Task brief>
Copy each line below as it stands, but skip any picture it contains.

Records from a collection

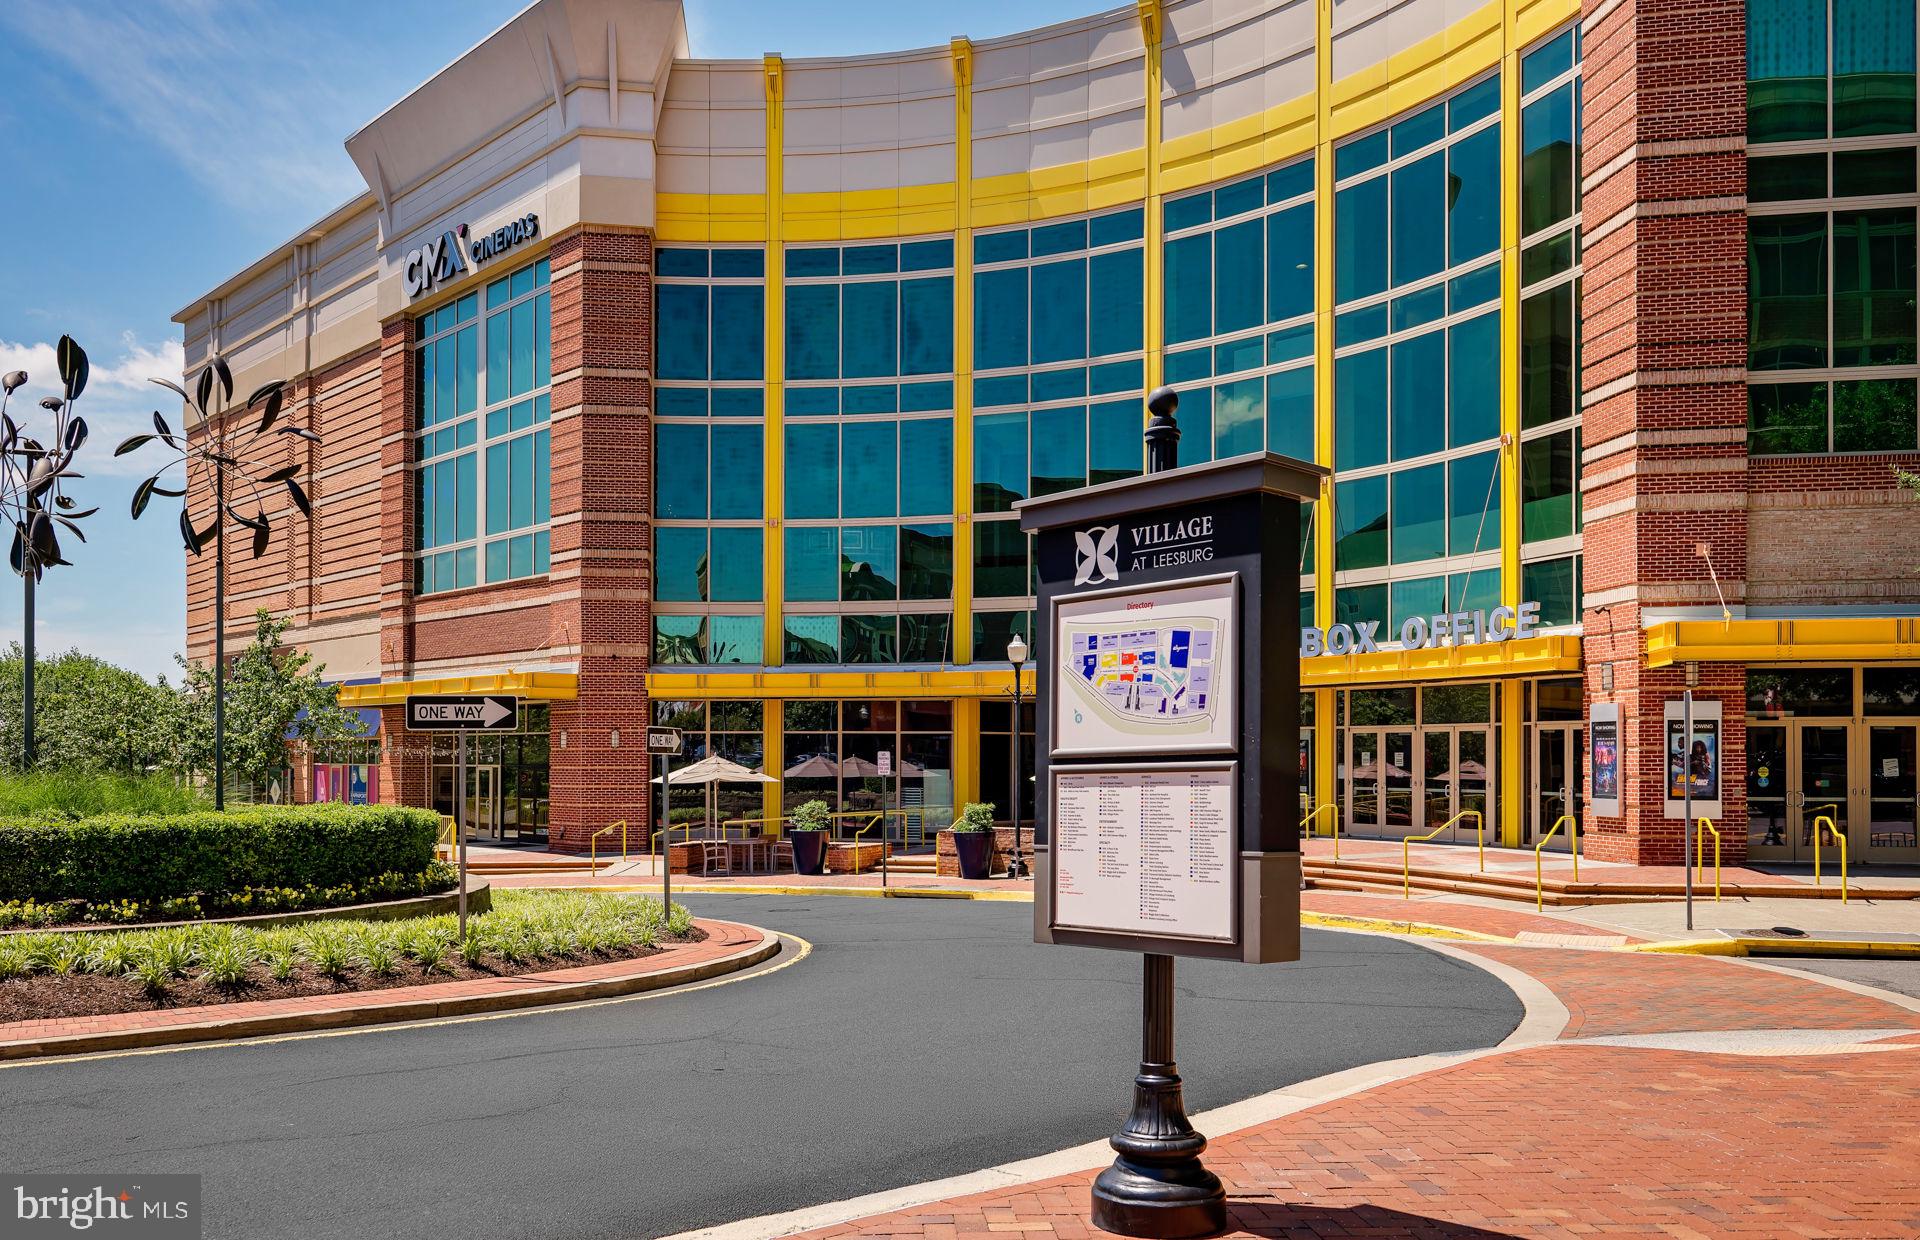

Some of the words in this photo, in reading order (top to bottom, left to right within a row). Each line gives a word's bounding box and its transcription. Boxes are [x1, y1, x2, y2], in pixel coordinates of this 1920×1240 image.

[403, 223, 468, 297] CMX
[471, 213, 538, 263] CINEMAS
[1131, 515, 1213, 546] VILLAGE
[1131, 556, 1146, 571] AT
[1153, 547, 1213, 568] LEESBURG
[1126, 601, 1154, 610] Directory
[1301, 620, 1380, 657] BOX
[1401, 601, 1541, 650] OFFICE
[418, 706, 448, 719] ONE
[454, 706, 484, 719] WAY
[651, 736, 663, 746] ONE
[664, 735, 674, 746] WAY

Exercise output>
Some of the words in this photo, in reading order (top to bottom, left to right within a row). Each line gives a word's bounding box and its transcription. Boxes are [x1, y1, x2, y2], in pixel coordinates of this 1920×1240 image.

[403, 223, 468, 297] CMX
[471, 213, 538, 263] CINEMAS
[1131, 515, 1213, 546] VILLAGE
[1131, 556, 1146, 571] AT
[1153, 547, 1213, 568] LEESBURG
[1126, 601, 1154, 610] Directory
[1301, 620, 1380, 657] BOX
[1401, 601, 1541, 650] OFFICE
[418, 706, 448, 719] ONE
[454, 706, 484, 719] WAY
[651, 736, 663, 746] ONE
[664, 735, 674, 746] WAY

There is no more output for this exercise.